これまた1年以上積んでいた桜庭一樹先生の小説です。伏で肩透かしをくらったのですがこちらはとても面白かった。途中怖くなってぞくぞくするような面白さでした。
消費者金融や闇金からお金を借りて生活がままならない砂漠と、隠している消費者金融の借金はあるものの資産家の妻と結婚して自分の好きなことをして暮らせている解が出会うことによりはじまる話。プロローグで死体をばらばらにしている場面があって、私はその場面は砂漠が解を殺したのだと思って読んでいたのだけれど、読んでいたらなんだか違うぞという感じになって、結末はああでした。

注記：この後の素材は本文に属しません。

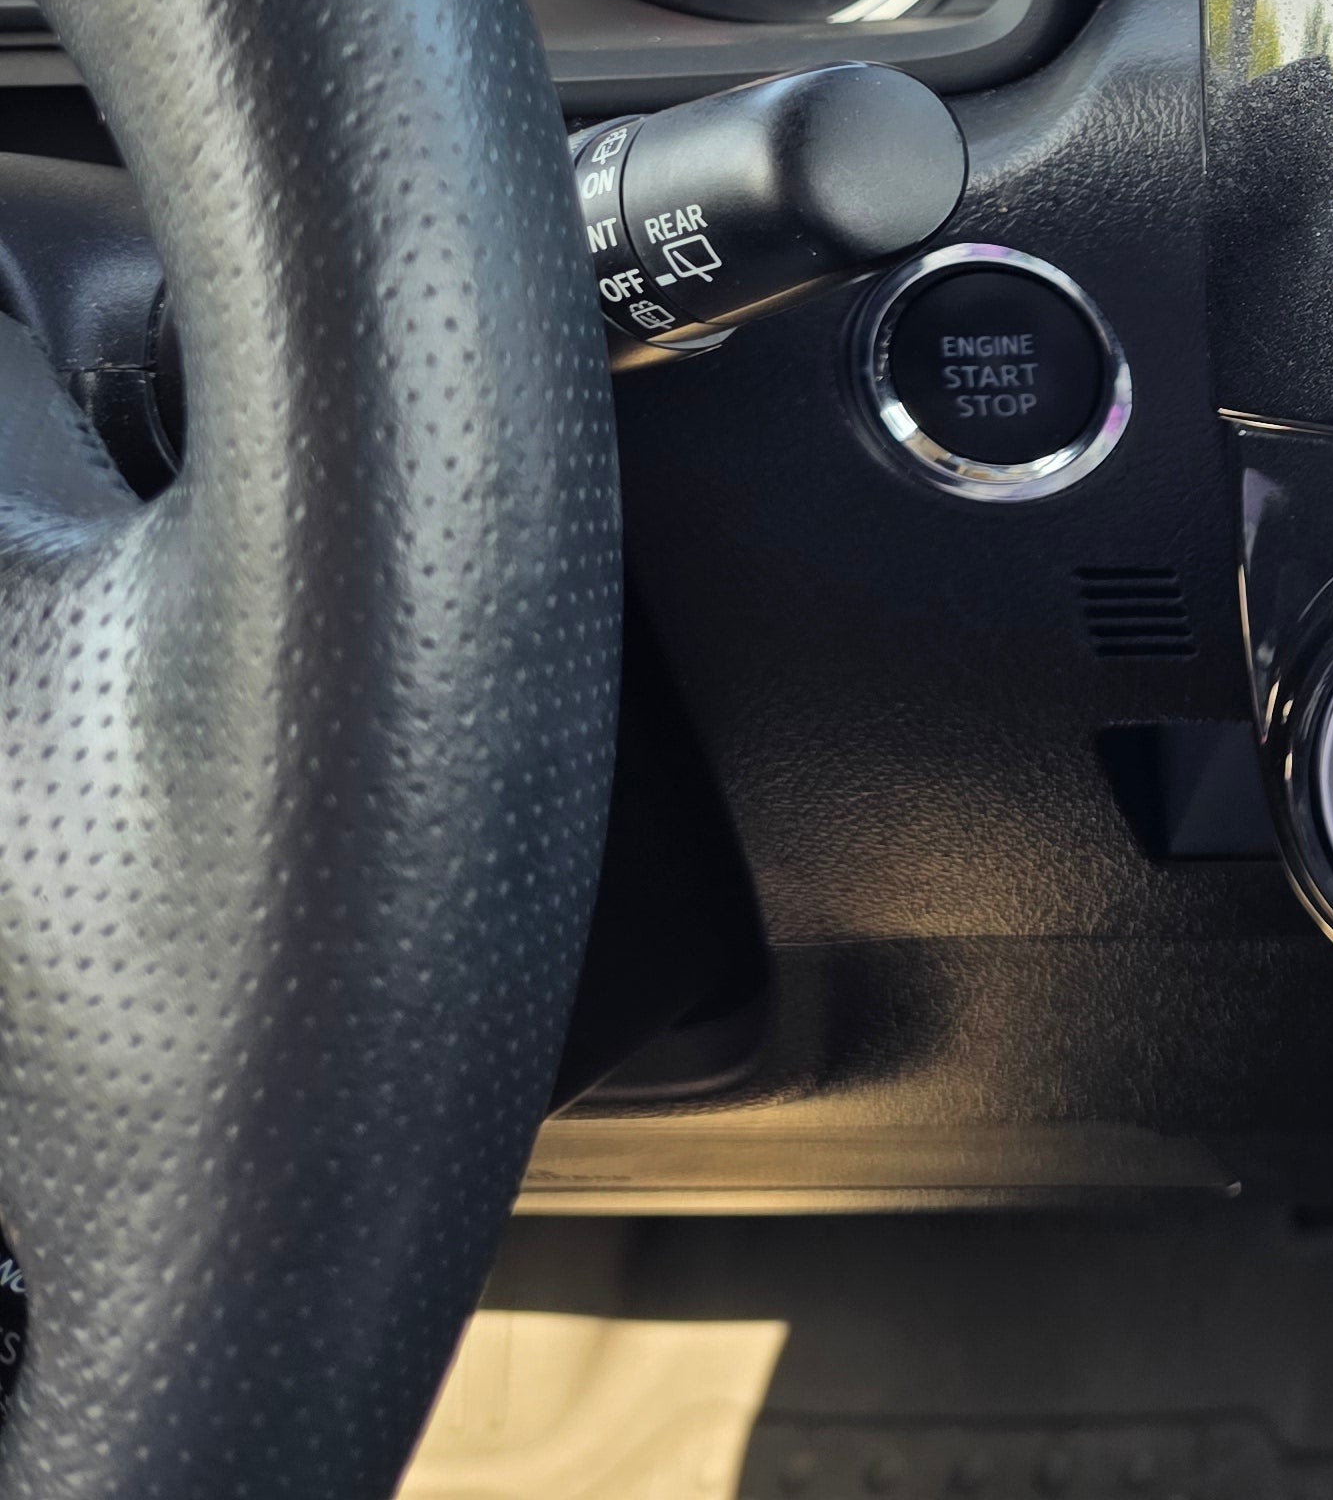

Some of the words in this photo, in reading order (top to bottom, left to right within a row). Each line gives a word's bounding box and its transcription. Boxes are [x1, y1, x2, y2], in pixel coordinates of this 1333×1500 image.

最初に殺人の場面があるので、いつこのよくない二人の関係が壊れるのか、解の円満な生活が壊れるのか、と最初からびくびくして読んでたし、消費者金融とか闇金の話が出てくるととても怖く感じるし、なんていうかおそろしい小説でした。消費者金融とか闇金とかの字面を見るとなんとなく世俗的に感じるけど、いつもの桜庭一樹のどん底にいる少女の話が具体的になってる感じ。
解はもう何をしても幸せになれないんだろうな。
舞台は神保町で、大学時代を神保町近辺で過ごした私は古本屋とか地下鉄の駅とか想像し易かったです。さぼうる、行ってみたいと思いつつ行かずに4年過ごしてしまったのが心残り。